Did you like the Wing Commander movie?

Do you like the Wing Commander movie?

  • Yes

    Votes: 30 61.2%
  • No

    Votes: 19 38.8%

  • Total voters
    49
While I was originally lukewarm to the second half of the film, I've learned to enjoy it despite a couple shortcomings. It certainly has a LOT of nostalgia value for me - being released right around my 18th birthday and during the last couple months of my high school education.

A lot of people don't like the movie and I guess thats fine. I just wish most of those people had better reasons than the silly ones we all have already heard. It has a great cast, good effects and a lot of energy. It reminds me of those great WWII movies like The Hornet's Nest, Hell Is For Heroes or Attack! where the story almost thrives under the b-movie moniker. Not all great war movies were big budget blockbusters, after all.
 
LeHah said:
It reminds me of those great WWII movies like The Hornet's Nest, Hell Is For Heroes or Attack! where the story almost thrives under the b-movie moniker. Not all great war movies were big budget blockbusters, after all.

Here's a great youtube clip of a different movie. Since people wanted to know where the "never existed" stuff comes from, have a gander: http://www.youtube.com/watch?v=Z9qoTO_gJq8.

Don't forget to watch it right to the end.
 
I'm not sure if that's partly to do with the choice to recycle old aeroplane frames. When you're on a budget, you make do with what's available, I suppose.

I'm not really sure this was a budget issue. I laugh to myself a little bit whenever someone goes off about how they 'just' cut up some old jets--of course, fighter jets, everyone knows those the cheapest thing in the world! Contrary to popular assumption, buying retired Electric Lightnings, shipping them to Luxembourg and then slicing them up into Rapiers isn't the obvious discount alternative to making a cockpit out of plywood and scrap metal. :)

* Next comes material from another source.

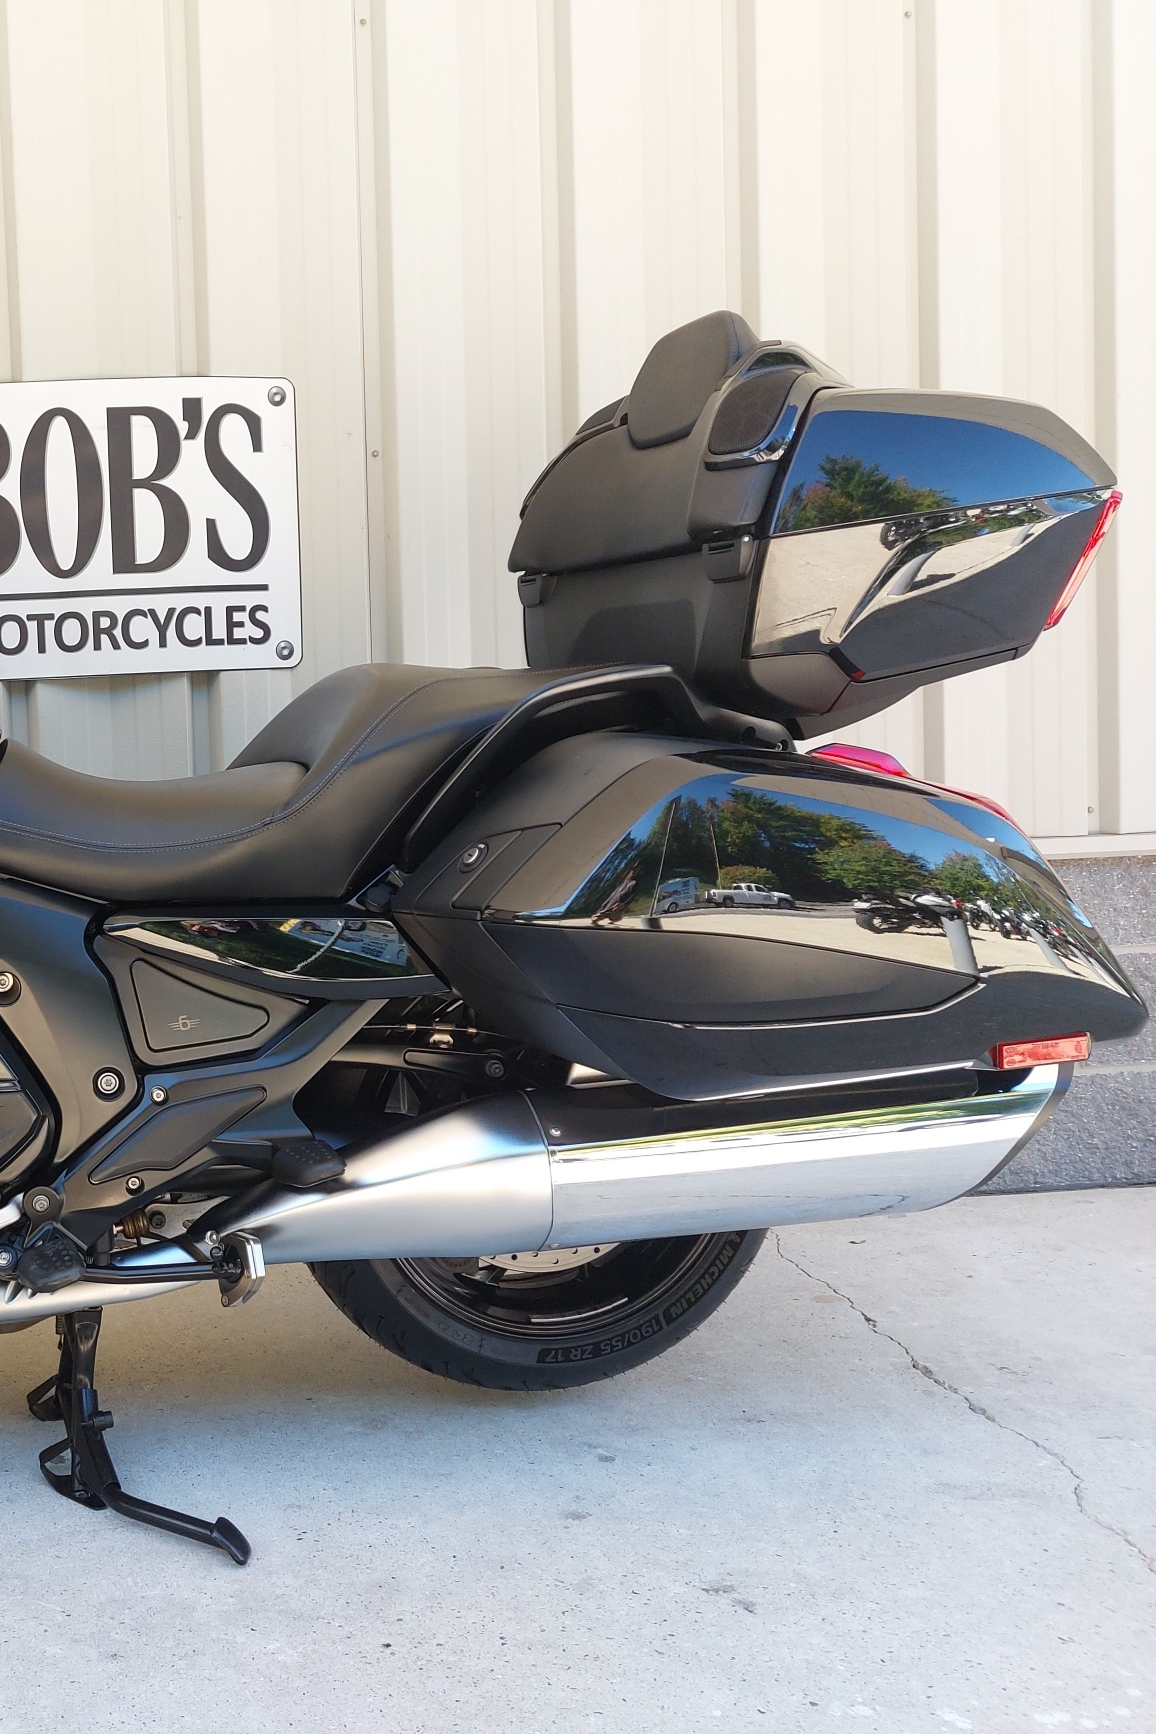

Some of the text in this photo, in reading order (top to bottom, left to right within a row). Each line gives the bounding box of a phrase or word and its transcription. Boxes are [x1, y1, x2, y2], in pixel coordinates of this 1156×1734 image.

[670, 1245, 735, 1319] MICHELIN
[600, 1317, 660, 1355] 190/55
[546, 1350, 565, 1362] 17
[570, 1349, 594, 1361] ZR

It also made the CGI much more difficult, as the effects group had to perfectly match the real sets instead of creating something that would be used for all the external shots (this was actually much more labor-intensive than expected--but was pulled off very well).

So why do it? Verisimilitude--I think that the thought was that the production would benefit from having 'actual' space fighters that could truly be used throughout the film. Remember this was when even the most expensive CGI was somewhat clumsy and very limited when sharing a shot with live action elements. The decision was to trade Rapiers that looked like the ones in the game for ones that could appear with the live action characters throughout the movie and still seem 'real'.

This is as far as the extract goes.